TASK TO CARRY OUT: Please give again every entry exactly as it appears, setting aside the pictures.

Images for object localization
>>>>

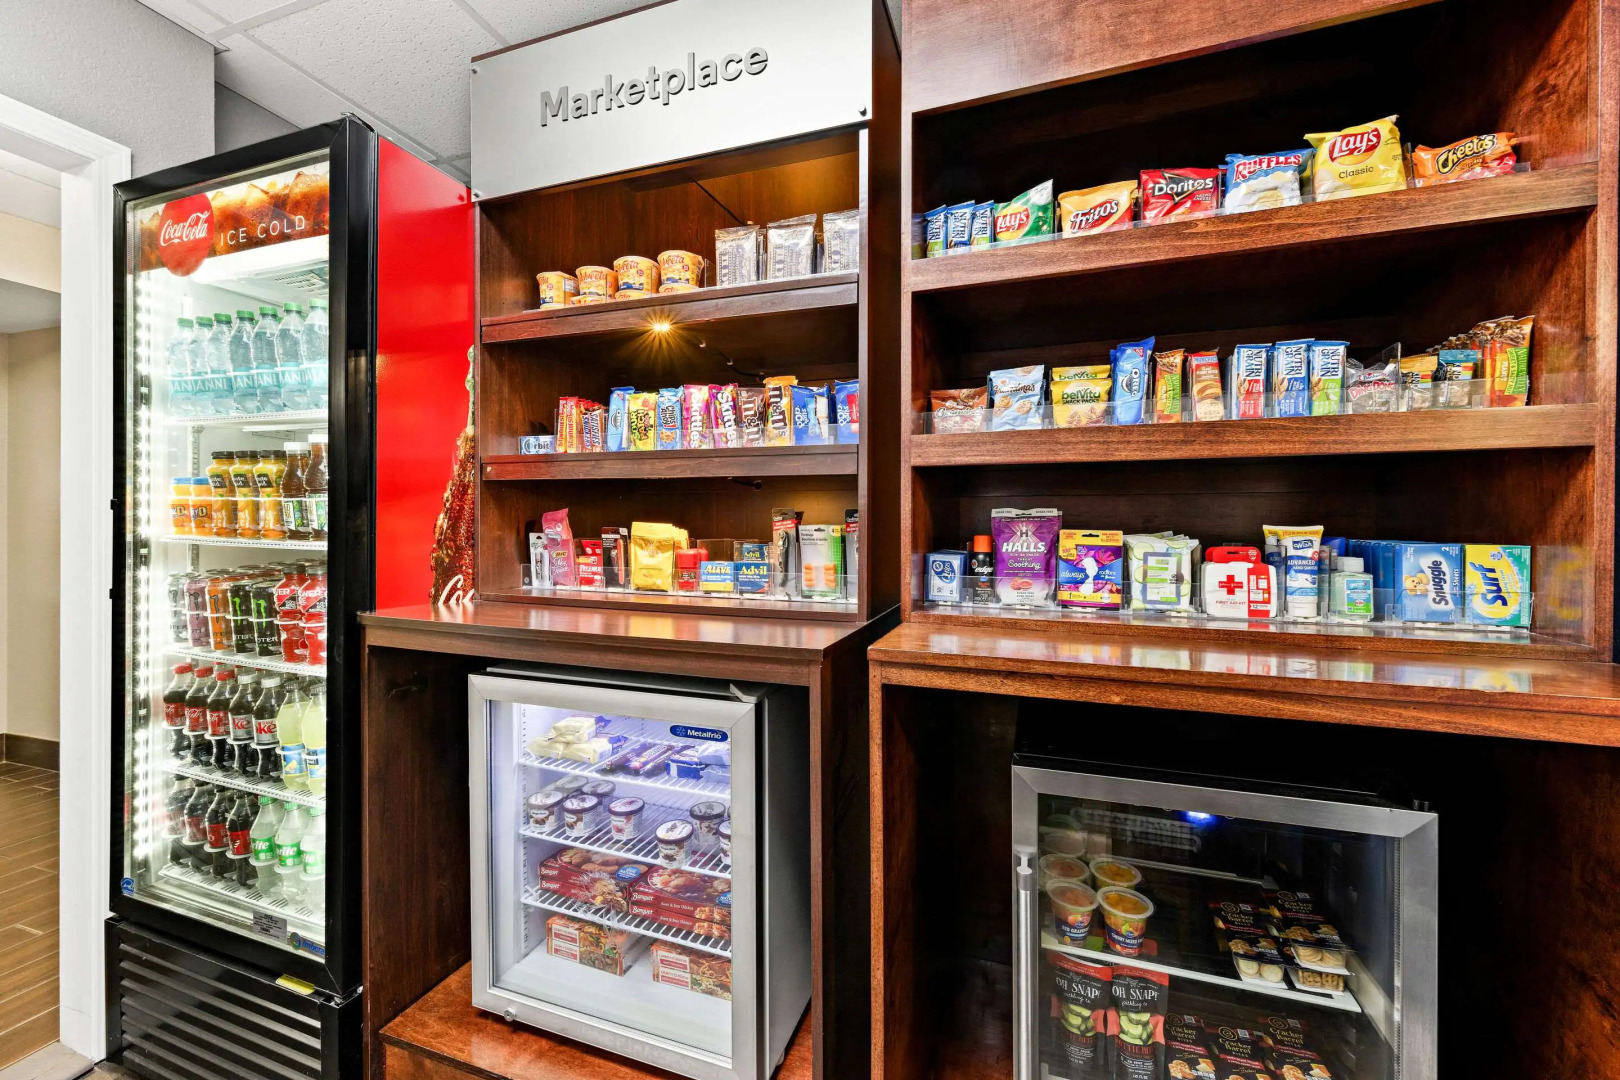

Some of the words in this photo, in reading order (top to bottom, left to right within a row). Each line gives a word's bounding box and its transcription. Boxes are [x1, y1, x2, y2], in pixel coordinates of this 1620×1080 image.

[541, 47, 768, 127] Marketplace
[1332, 130, 1379, 158] Lay's
[1436, 133, 1498, 175] Cheetos
[1233, 154, 1302, 182] RUFFLES
[1338, 166, 1374, 179] Classic
[1154, 178, 1214, 196] Doritos
[160, 210, 210, 247] Coca-Cola
[1070, 199, 1119, 235] Fritos
[220, 227, 247, 247] ICE
[258, 215, 305, 239] COLD
[1253, 350, 1263, 377] NUTRI
[1284, 347, 1294, 376] GRAIN
[1294, 347, 1303, 374] NUTRI
[1320, 348, 1330, 377] GRAIN
[1330, 348, 1339, 376] NUTRI
[1062, 388, 1101, 400] belVita
[1131, 368, 1140, 397] OREO
[689, 388, 702, 448] Skittles
[716, 390, 738, 448] Skittles
[768, 385, 788, 437] m&m's
[582, 414, 592, 449] SNICKERS
[589, 412, 600, 446] SATISFIES
[1002, 542, 1046, 554] HALLS
[740, 566, 767, 575] Advil
[974, 565, 993, 574] edge
[1008, 560, 1042, 570] Soothing
[1060, 569, 1086, 581] always
[1427, 559, 1450, 606] Snuggle
[1469, 561, 1508, 607] Surf
[687, 730, 722, 740] Metalfrio
[541, 880, 560, 890] Banquet
[632, 892, 654, 901] Banquet
[632, 905, 653, 915] Banquet
[1056, 977, 1068, 991] OH
[1112, 985, 1126, 999] OH
[1130, 989, 1159, 1002] SNAP!
[1166, 1023, 1197, 1036] Cracker
[1171, 1030, 1196, 1041] Barrel
[1219, 1037, 1252, 1050] Cracker
[1225, 1043, 1252, 1055] Barrel

<<<<

EXERCISE RESPONSE:
Some of the words in this photo, in reading order (top to bottom, left to right within a row). Each line gives a word's bounding box and its transcription. Boxes are [x1, y1, x2, y2], in pixel coordinates of this 1620×1080 image.

[541, 47, 768, 127] Marketplace
[1332, 130, 1379, 158] Lay's
[1436, 133, 1498, 175] Cheetos
[1233, 154, 1302, 182] RUFFLES
[1338, 166, 1374, 179] Classic
[1154, 178, 1214, 196] Doritos
[160, 210, 210, 247] Coca-Cola
[1070, 199, 1119, 235] Fritos
[220, 227, 247, 247] ICE
[258, 215, 305, 239] COLD
[1253, 350, 1263, 377] NUTRI
[1284, 347, 1294, 376] GRAIN
[1294, 347, 1303, 374] NUTRI
[1320, 348, 1330, 377] GRAIN
[1330, 348, 1339, 376] NUTRI
[1062, 388, 1101, 400] belVita
[1131, 368, 1140, 397] OREO
[689, 388, 702, 448] Skittles
[716, 390, 738, 448] Skittles
[768, 385, 788, 437] m&m's
[582, 414, 592, 449] SNICKERS
[589, 412, 600, 446] SATISFIES
[1002, 542, 1046, 554] HALLS
[740, 566, 767, 575] Advil
[974, 565, 993, 574] edge
[1008, 560, 1042, 570] Soothing
[1060, 569, 1086, 581] always
[1427, 559, 1450, 606] Snuggle
[1469, 561, 1508, 607] Surf
[687, 730, 722, 740] Metalfrio
[541, 880, 560, 890] Banquet
[632, 892, 654, 901] Banquet
[632, 905, 653, 915] Banquet
[1056, 977, 1068, 991] OH
[1112, 985, 1126, 999] OH
[1130, 989, 1159, 1002] SNAP!
[1166, 1023, 1197, 1036] Cracker
[1171, 1030, 1196, 1041] Barrel
[1219, 1037, 1252, 1050] Cracker
[1225, 1043, 1252, 1055] Barrel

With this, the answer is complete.